Tornando alla gara, è cambiato qualcosa rispetto al 2017? Come vi state preparando?
“In realtà il progetto, nato qualche anno fa grazie all’input di Roberto Lacorte, è nato sotto un unico filo conduttore. Non abbiamo mai stravolto ma abbiamo effettuato delle evoluzioni costanti. Se però guardi dagli inizi con la LMP3 a oggi troviamo in effetti un team profondamente cambiato. E non sono cambiate solo le persone, ma anche la cultura all’interno della squadra. Roberto è rimasto la colonna portante, e i suoi valori si sono riverberati in tutto il team. L’interscambio è riuscito e ora abbiamo una vera squadra, nella quale si rema verso la stessa direzione. Abbiamo spinto un po’ sui nostri problemi, lavorando sulla base dell’esperienza positiva del 2017. Tutti sono contenti del miglioramento di Roberto, che è diventato uno dei migliori piloti tra i bronze, io stesso ho avuto grosse soddisfazioni riguardo al mio passo e ho mantenuto la mia licenza silver, mentre Andrea Belicchi è sempre il nostro riferimento tecnico assoluto, prima di tutto per la costanza nella velocità e per preparazione tecnica. Siamo diventati molto amici, abbiamo confidenza e questo è importante: condividere una macchina è più complicato di quanto sembri.

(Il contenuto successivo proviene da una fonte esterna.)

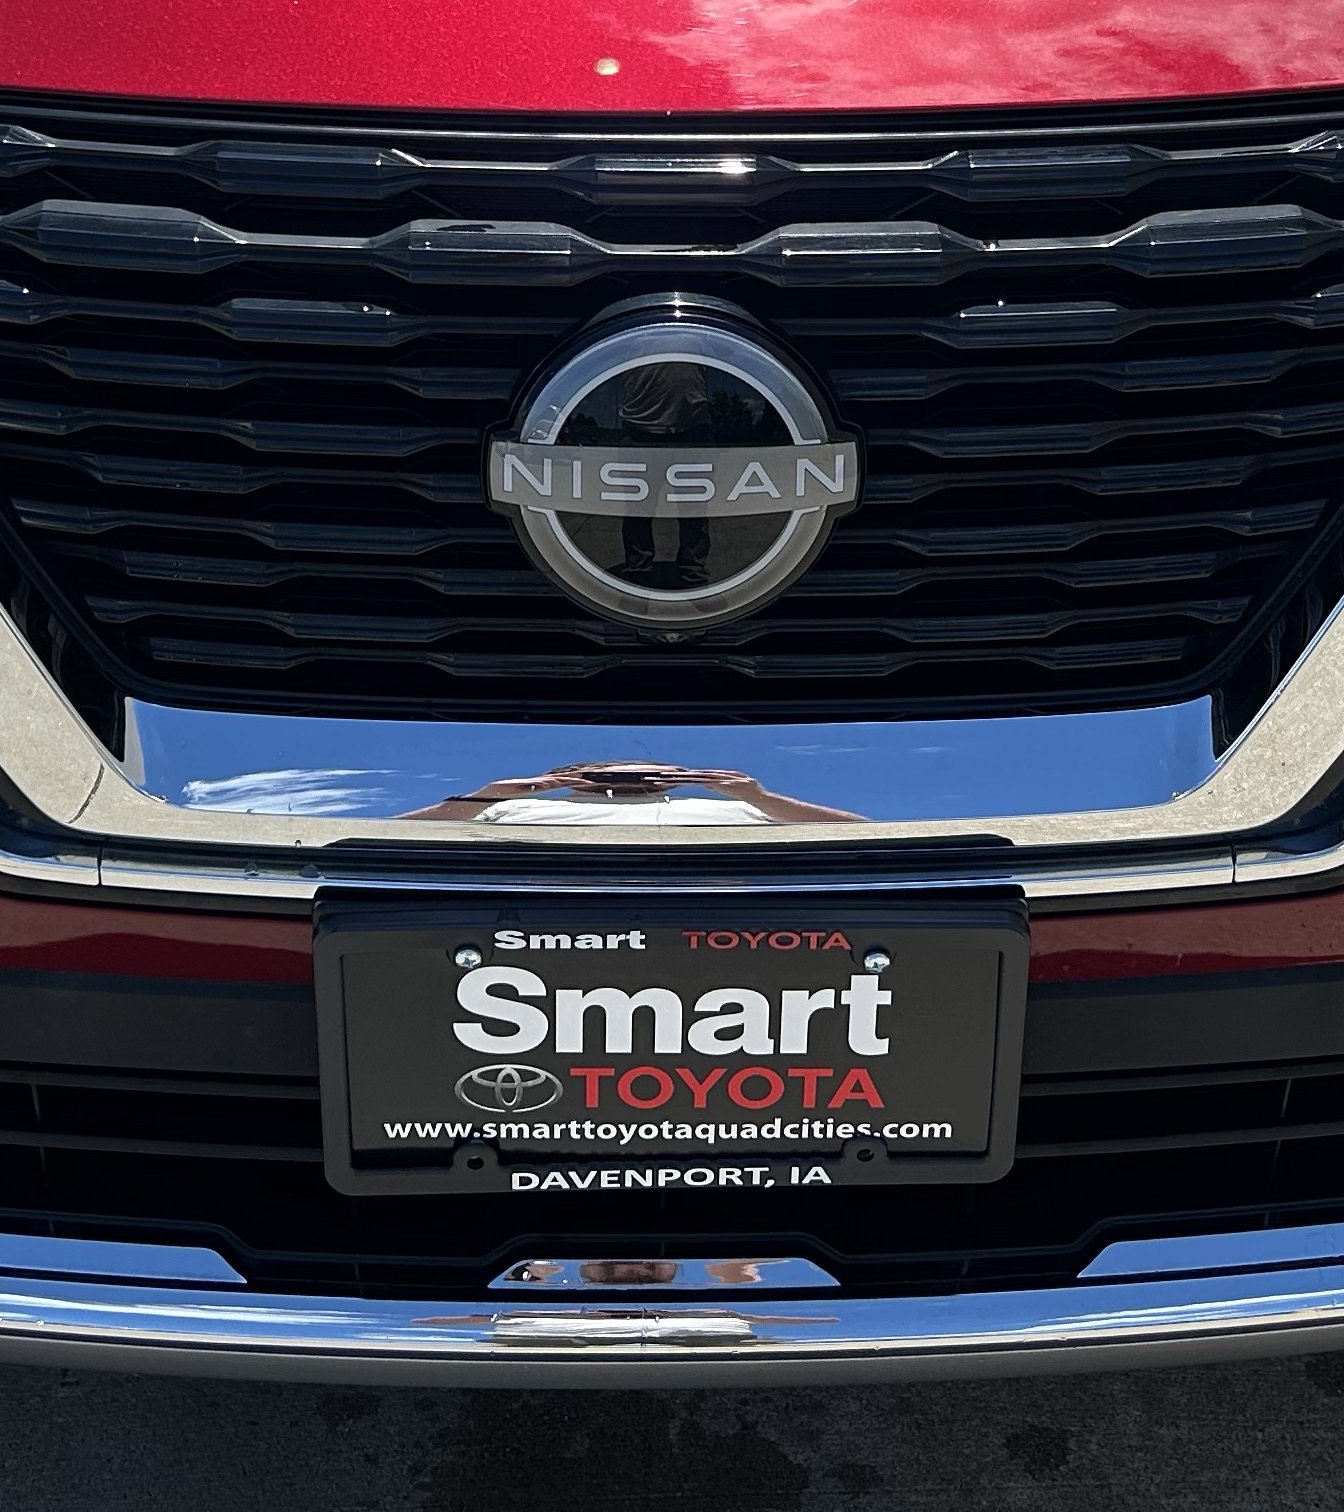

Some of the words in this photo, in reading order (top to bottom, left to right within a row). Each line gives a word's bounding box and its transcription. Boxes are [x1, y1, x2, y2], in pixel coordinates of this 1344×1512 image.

Vanno fatti compromessi per tutto, non solo per la posizione di guida: la messa a punto va trovata a puntino, la gestione gara è da programmare e non possiamo mai permetterci di strafare, forzando gomme e materiale. Nell’endurance ci sono straordinari insegnamenti che per un pilota hanno un valore assoluto, e uno di questi è il rispetto; trattando bene la vettura si dà ai compagni l’opportunità di andare forte e di trovare subito il ritmo, e dentro si ha la soddisfazione di rendersi conto del fatto che si è essenziali per il funzionamento dell’intero team. E non è poco”.